### [Work instruction]
The answer must repeat every record exactly, with no pictures in it.

Data items:
----

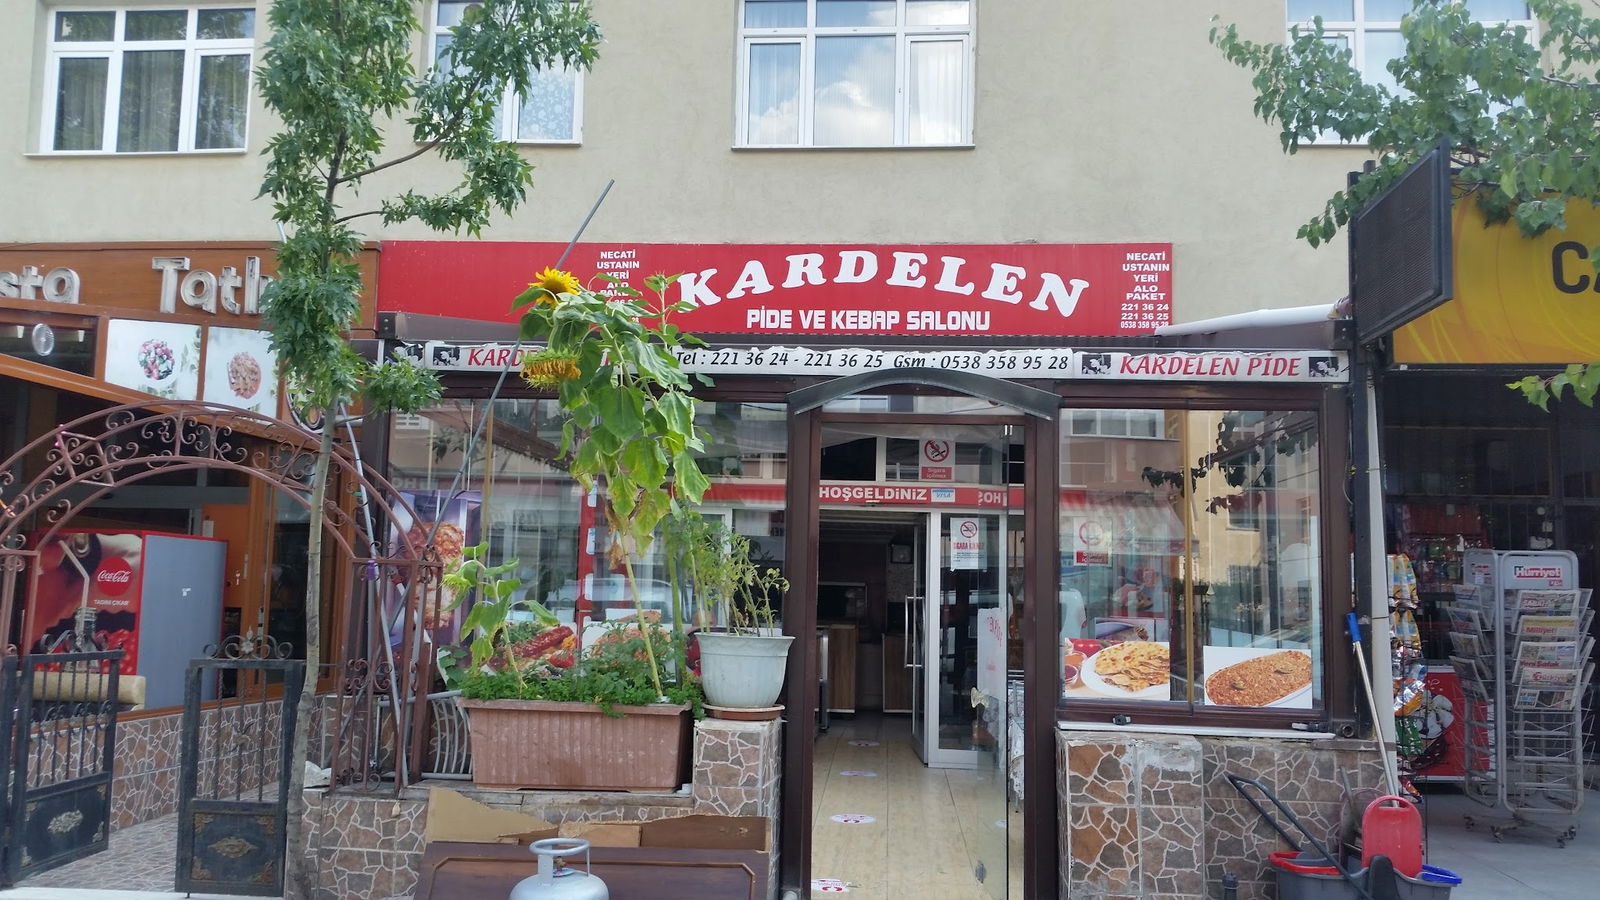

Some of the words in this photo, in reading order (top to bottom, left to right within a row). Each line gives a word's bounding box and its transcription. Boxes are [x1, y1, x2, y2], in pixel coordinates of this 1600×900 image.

[600, 249, 636, 259] NECATİ
[1126, 251, 1166, 261] NECATİ
[597, 261, 640, 269] USTANIN
[1122, 263, 1170, 272] USTANIN
[1552, 241, 1600, 294] C
[1133, 273, 1159, 283] YERİ
[676, 250, 1089, 317] KARDELEN
[1133, 285, 1158, 293] ALO
[1126, 293, 1166, 301] PAKET
[747, 305, 792, 329] PİDE
[799, 310, 825, 329] VE
[831, 310, 900, 330] KEBAP
[906, 311, 990, 331] SALONU
[1120, 321, 1136, 329] 0538
[1137, 321, 1150, 329] 358
[467, 348, 538, 367] KARD
[677, 351, 697, 366] Tel
[710, 352, 739, 366] 221
[744, 352, 763, 366] 36
[769, 352, 789, 367] 24
[805, 353, 833, 368] 221
[838, 353, 858, 368] 36
[865, 354, 883, 368] 25
[893, 355, 926, 370] Gsm
[940, 355, 981, 370] 0538
[987, 355, 1017, 370] 358
[1022, 355, 1043, 370] 95
[1048, 355, 1069, 370] 28
[1119, 356, 1240, 376] KARDELEN
[1247, 354, 1301, 377] PİDE
[1514, 566, 1561, 578] Hürriyet

----

### [Reply to the task]
Some of the words in this photo, in reading order (top to bottom, left to right within a row). Each line gives a word's bounding box and its transcription. Boxes are [x1, y1, x2, y2], in pixel coordinates of this 1600×900 image.

[600, 249, 636, 259] NECATİ
[1126, 251, 1166, 261] NECATİ
[597, 261, 640, 269] USTANIN
[1122, 263, 1170, 272] USTANIN
[1552, 241, 1600, 294] C
[1133, 273, 1159, 283] YERİ
[676, 250, 1089, 317] KARDELEN
[1133, 285, 1158, 293] ALO
[1126, 293, 1166, 301] PAKET
[747, 305, 792, 329] PİDE
[799, 310, 825, 329] VE
[831, 310, 900, 330] KEBAP
[906, 311, 990, 331] SALONU
[1120, 321, 1136, 329] 0538
[1137, 321, 1150, 329] 358
[467, 348, 538, 367] KARD
[677, 351, 697, 366] Tel
[710, 352, 739, 366] 221
[744, 352, 763, 366] 36
[769, 352, 789, 367] 24
[805, 353, 833, 368] 221
[838, 353, 858, 368] 36
[865, 354, 883, 368] 25
[893, 355, 926, 370] Gsm
[940, 355, 981, 370] 0538
[987, 355, 1017, 370] 358
[1022, 355, 1043, 370] 95
[1048, 355, 1069, 370] 28
[1119, 356, 1240, 376] KARDELEN
[1247, 354, 1301, 377] PİDE
[1514, 566, 1561, 578] Hürriyet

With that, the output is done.